I agree with this completely.

quote:
Perhaps the problem wasn't your high school, but your attitude about learning and experiencing things.
--------------------------------------------------------------------------------

I also agree with this completely.

Yes, there were things about high school that sucked. I hated the popularity contest stuff and the cliques and I thought that sitting through a boring economics lecture and dissecting a cat would never, ever be of any use to me.

And yet, looking back, I can see the things that have been posted here - while I may not use the exact facts I learned there, I do use my brain every day in ways that challenge me and I think that being forced to analyze things and think differently about problems in high school is part of the reason. And yes, the stupid cliques and the social pressures and the ridiculousness of high school social structures was also of value. I didn't know it at the time, but the teasing I endured helped me grow.

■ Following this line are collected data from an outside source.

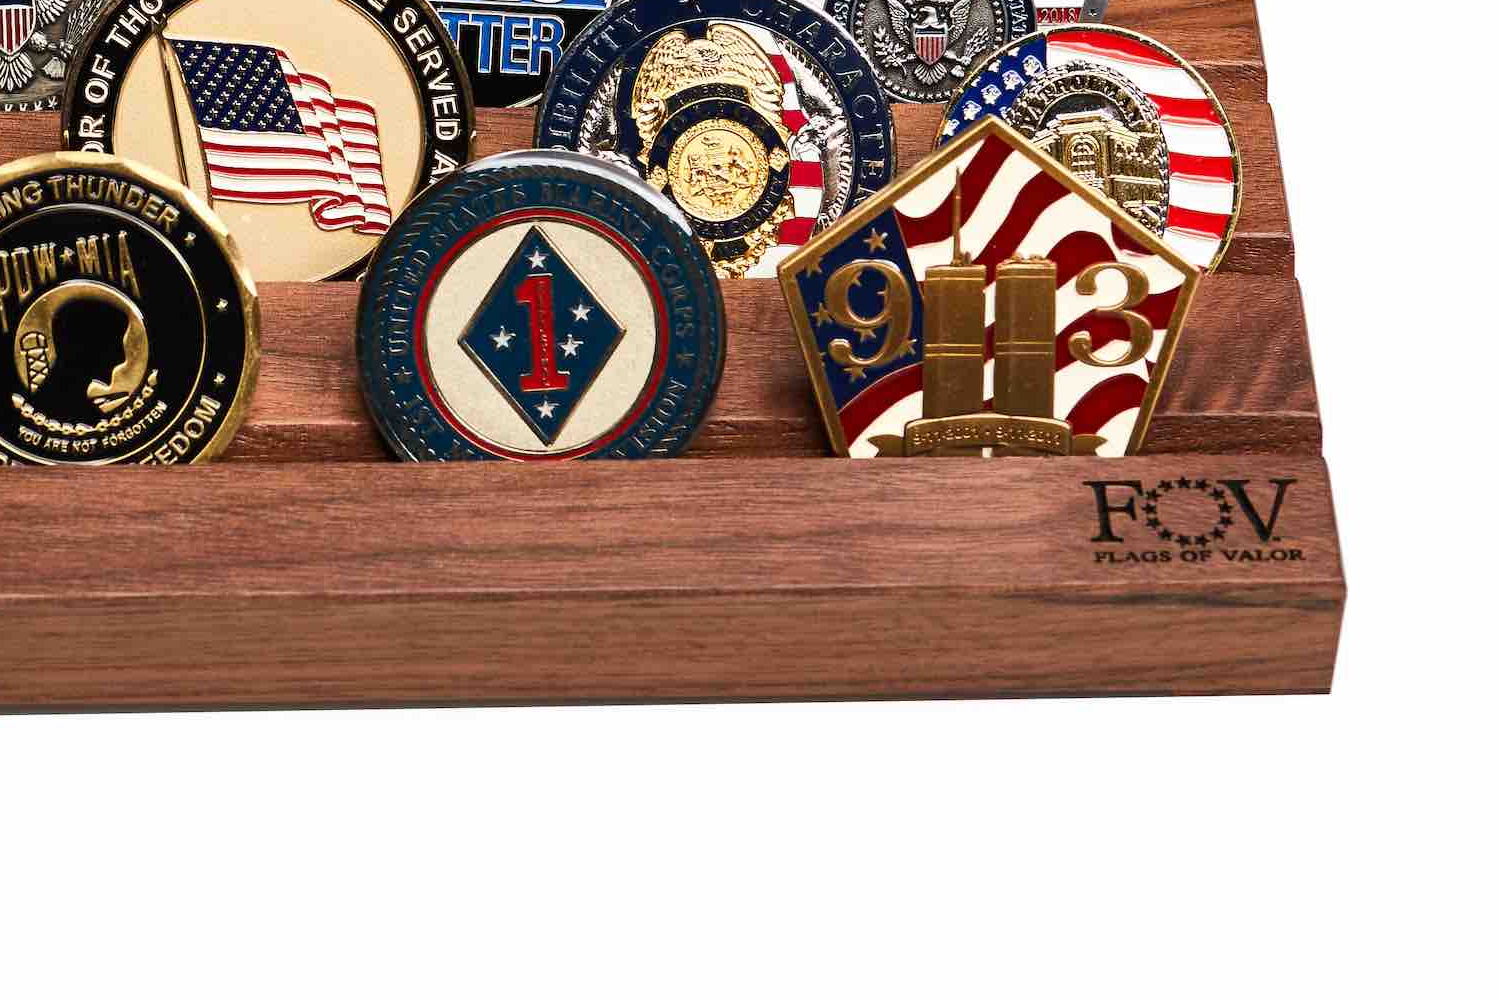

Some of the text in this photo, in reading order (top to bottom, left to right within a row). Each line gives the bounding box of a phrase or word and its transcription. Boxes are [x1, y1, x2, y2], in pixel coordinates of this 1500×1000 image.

[84, 54, 116, 106] OF
[393, 6, 463, 142] SERVED
[47, 175, 182, 232] THUNDER
[75, 230, 141, 299] MIA
[514, 272, 571, 392] 1
[18, 400, 168, 453] YOU ARE NOT FORGOTTEN
[1093, 549, 1307, 564] FLAGS OF VALOR
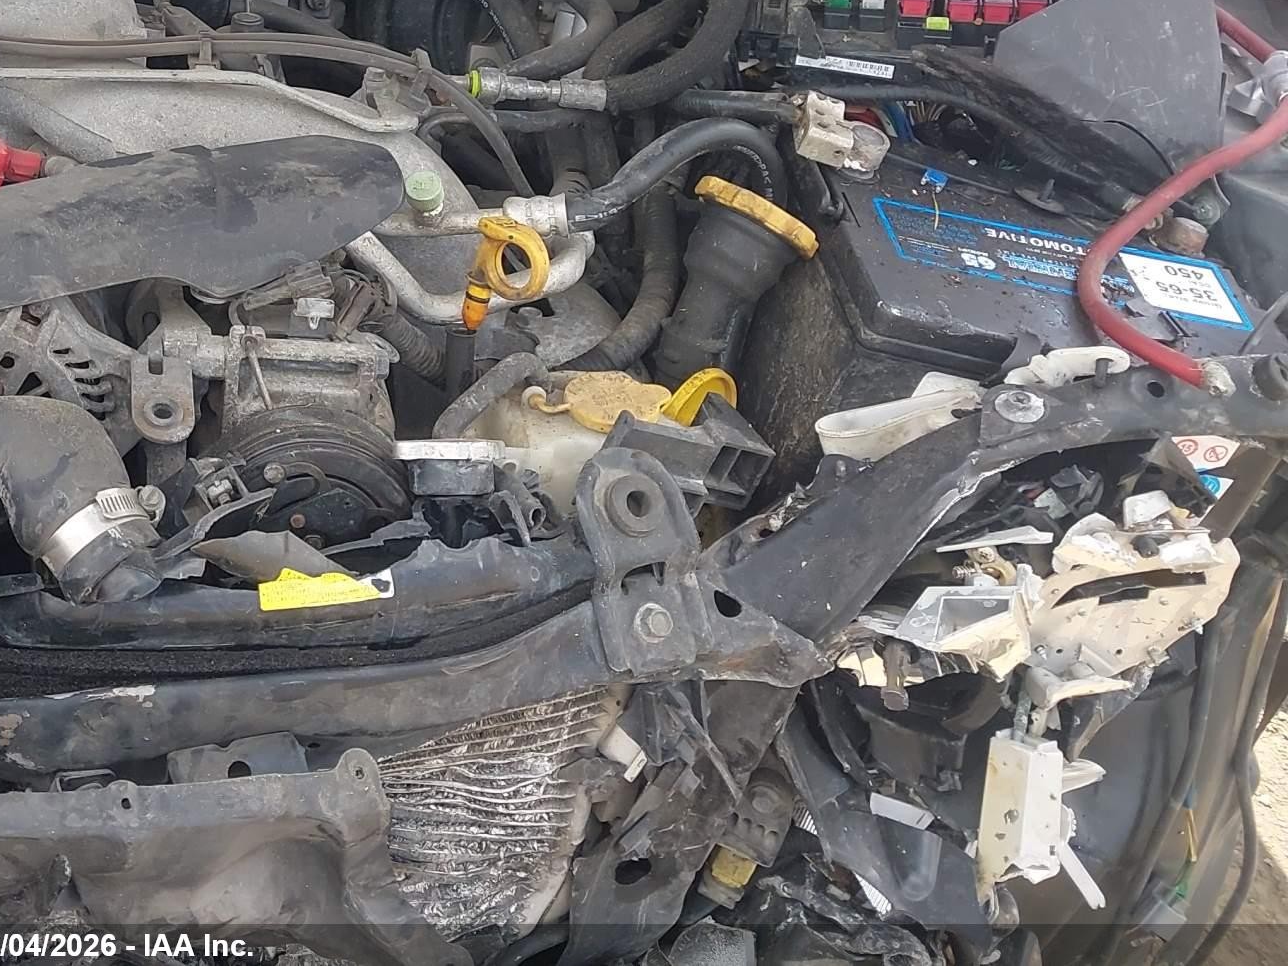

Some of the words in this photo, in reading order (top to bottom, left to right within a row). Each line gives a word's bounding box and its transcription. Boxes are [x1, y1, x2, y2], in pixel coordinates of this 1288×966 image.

[984, 227, 1091, 257] TOMOTIVE
[961, 252, 997, 271] 65
[1164, 265, 1203, 280] 450
[1155, 281, 1218, 302] 35-65

It has made me a better parent, because when I see my children struggling with things I struggled with at school I can advise them and help them.

I do think, however, that perhaps we keep kids in high school too long. I really like the new dual enrollment programs that allow kids to take college classes while still in high school. I knew one girl who graduated from high school and was already a college sophomore.

I'm torn because I'm not sure if sixteen, say, is mature enough for college life but I do think most college-bound sixteen year olds are capable of handling freshman college coursework.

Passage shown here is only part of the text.